Saved entries:
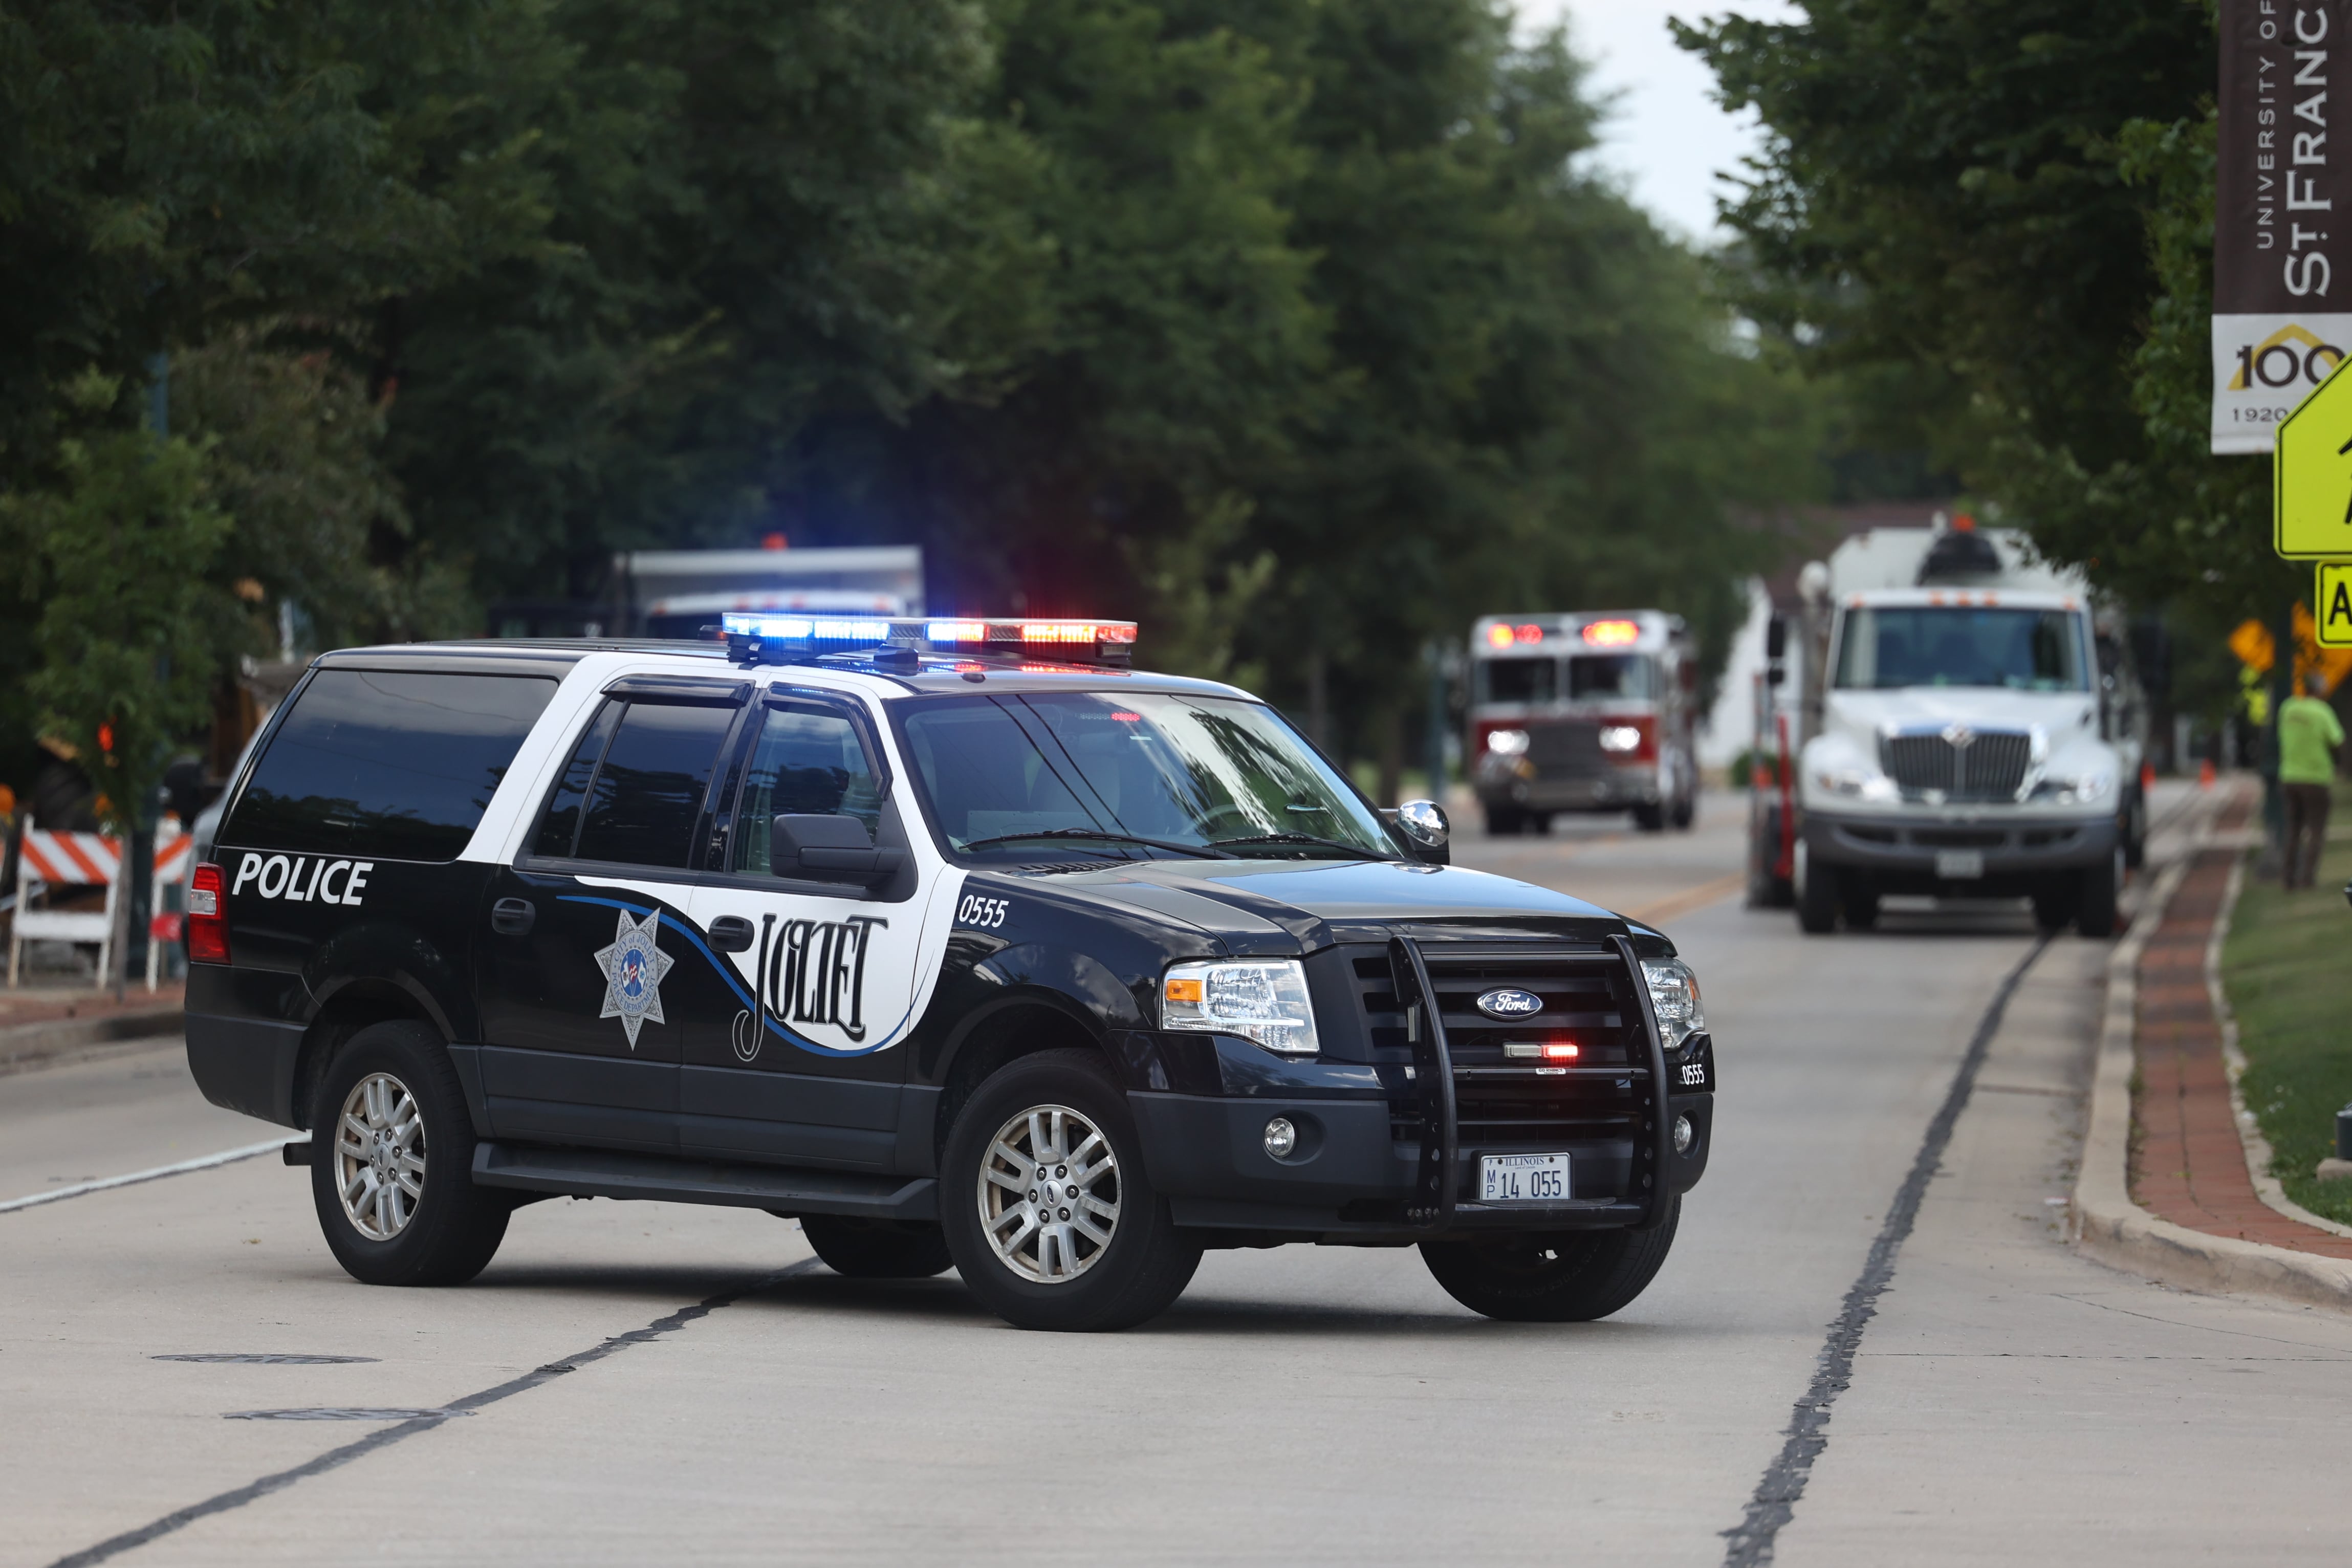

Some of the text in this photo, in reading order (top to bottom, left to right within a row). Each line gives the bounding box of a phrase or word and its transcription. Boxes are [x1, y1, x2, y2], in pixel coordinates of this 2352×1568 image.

[2285, 0, 2332, 211] FRANC
[2256, 0, 2277, 249] UNIVERSITY OF
[2233, 407, 2288, 422] 1920
[232, 853, 374, 906] POLICE
[959, 894, 1010, 928] 0555
[614, 934, 655, 964] CITY of JOLIET
[612, 972, 656, 1012] POLICE DEPARTMENT
[732, 912, 889, 1062] JOLIET
[1495, 993, 1531, 1011] Ford
[1682, 1063, 1705, 1085] 0555
[1505, 1157, 1544, 1166] ILLINOIS
[1500, 1170, 1561, 1199] 14 055
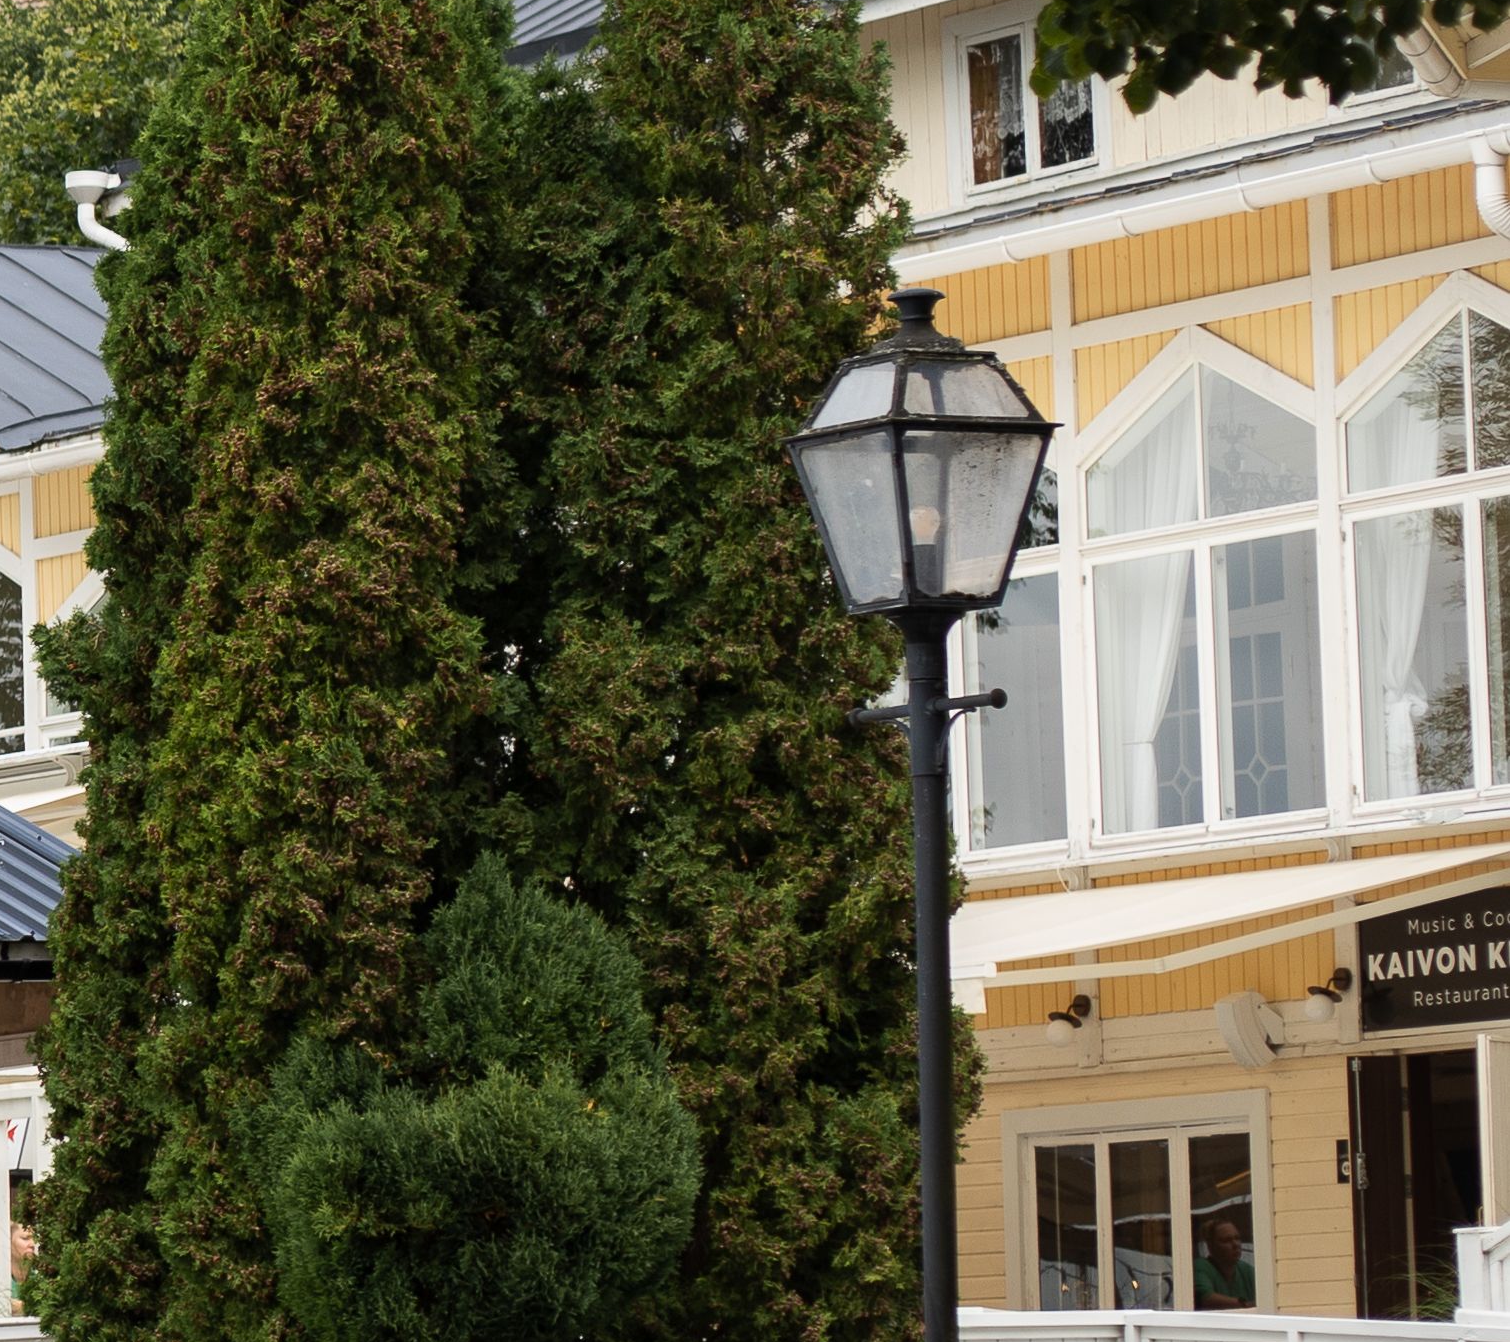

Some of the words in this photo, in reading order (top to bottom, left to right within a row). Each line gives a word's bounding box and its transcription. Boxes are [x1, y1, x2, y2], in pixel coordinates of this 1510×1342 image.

[1407, 916, 1456, 935] Music
[1464, 913, 1475, 929] &
[1368, 944, 1477, 981] KAIVON
[1414, 983, 1510, 1007] Restaurant
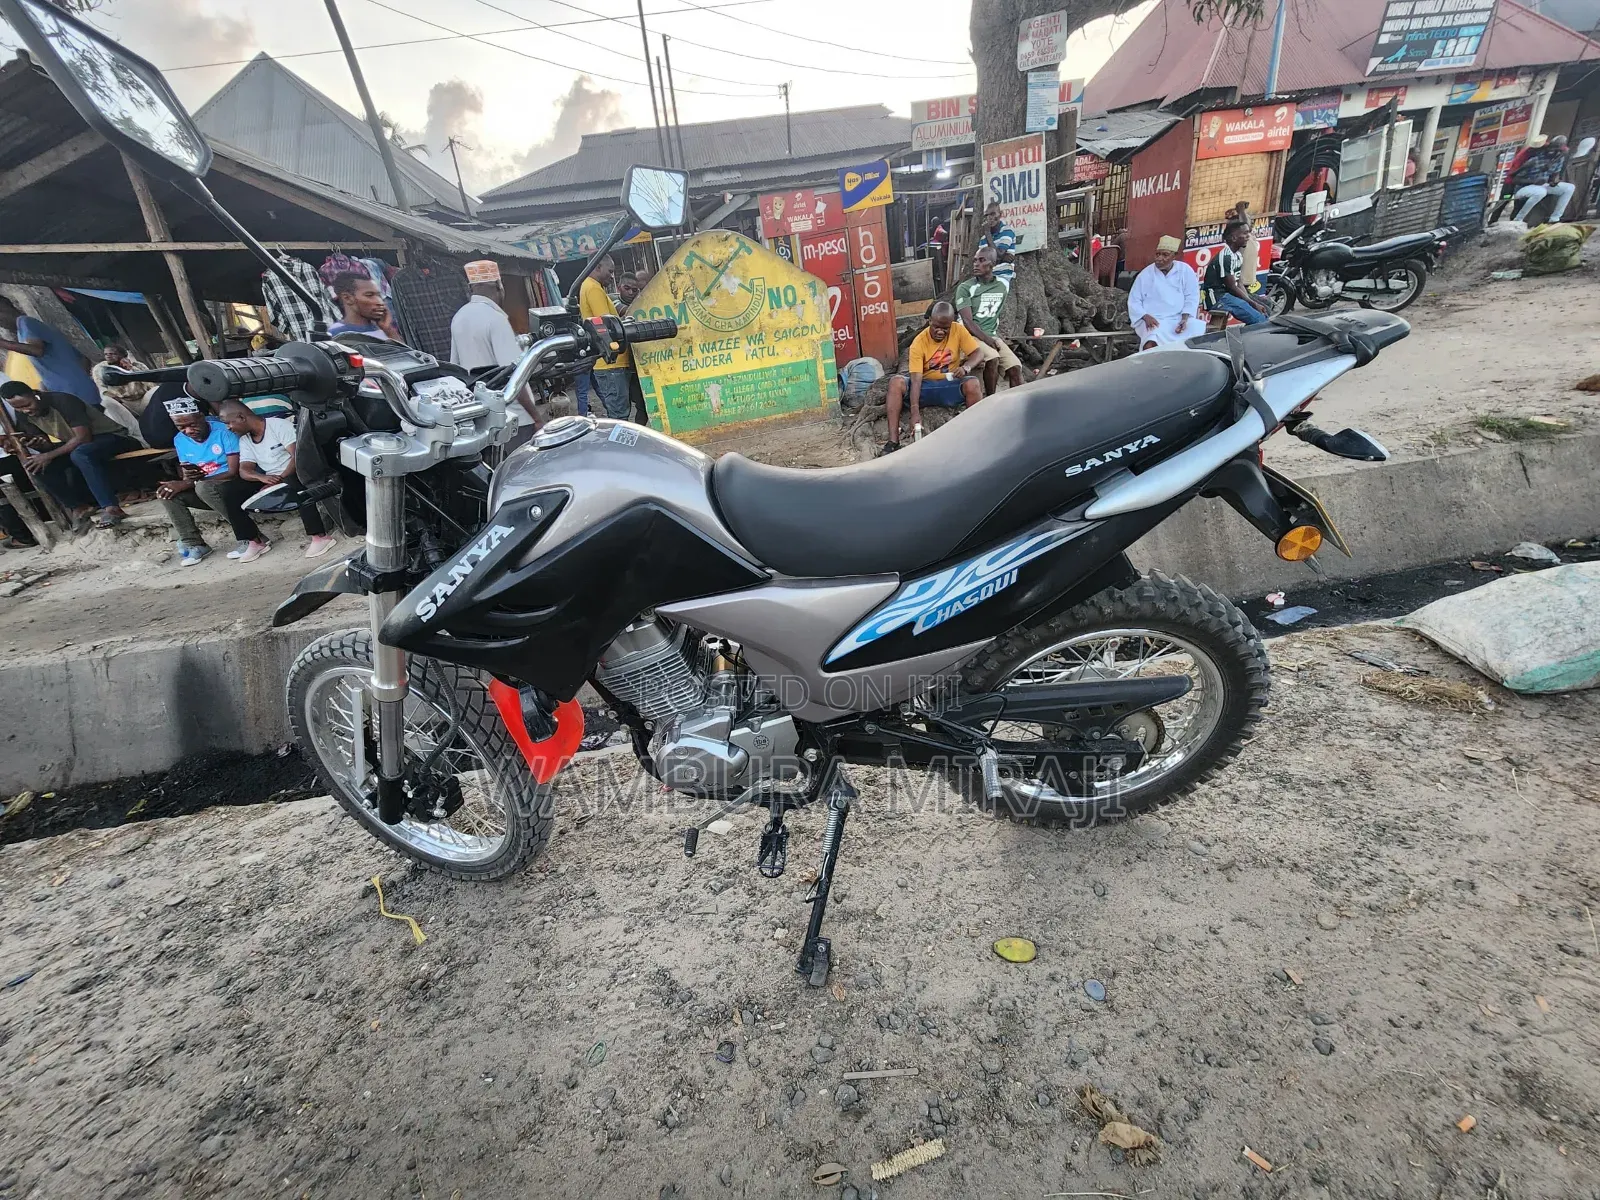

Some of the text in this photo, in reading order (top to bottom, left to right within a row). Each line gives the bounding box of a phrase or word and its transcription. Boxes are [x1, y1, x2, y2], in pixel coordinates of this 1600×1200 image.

**Activity:**
Each line of the records is to be reproduced exactly, and each picture dropped.

**Output of the task:**
Some of the text in this photo, in reading order (top to bottom, left to right within a row). Each line gives the bounding box of a phrase or word and its transcription. Boxes are [x1, y1, x2, y2], in pixel coordinates of this 2352×1568 image.

[2285, 0, 2332, 211] FRANC
[2256, 0, 2277, 249] UNIVERSITY OF
[2233, 407, 2288, 422] 1920
[232, 853, 374, 906] POLICE
[959, 894, 1010, 928] 0555
[614, 934, 655, 964] CITY of JOLIET
[612, 972, 656, 1012] POLICE DEPARTMENT
[732, 912, 889, 1062] JOLIET
[1495, 993, 1531, 1011] Ford
[1682, 1063, 1705, 1085] 0555
[1505, 1157, 1544, 1166] ILLINOIS
[1500, 1170, 1561, 1199] 14 055

Some of the words in this photo, in reading order (top to bottom, left to right within a row). Each line gives a word's bounding box and its transcription. Boxes are [x1, y1, x2, y2], in pixel coordinates of this 1510×1342 image.

[1407, 916, 1456, 935] Music
[1464, 913, 1475, 929] &
[1368, 944, 1477, 981] KAIVON
[1414, 983, 1510, 1007] Restaurant

Some of the text in this photo, in reading order (top to bottom, left to right within a row). Each line gives the bounding box of a phrase or word and its transcription. Boxes are [x1, y1, x2, y2], in pixel coordinates of this 1600×1200 image.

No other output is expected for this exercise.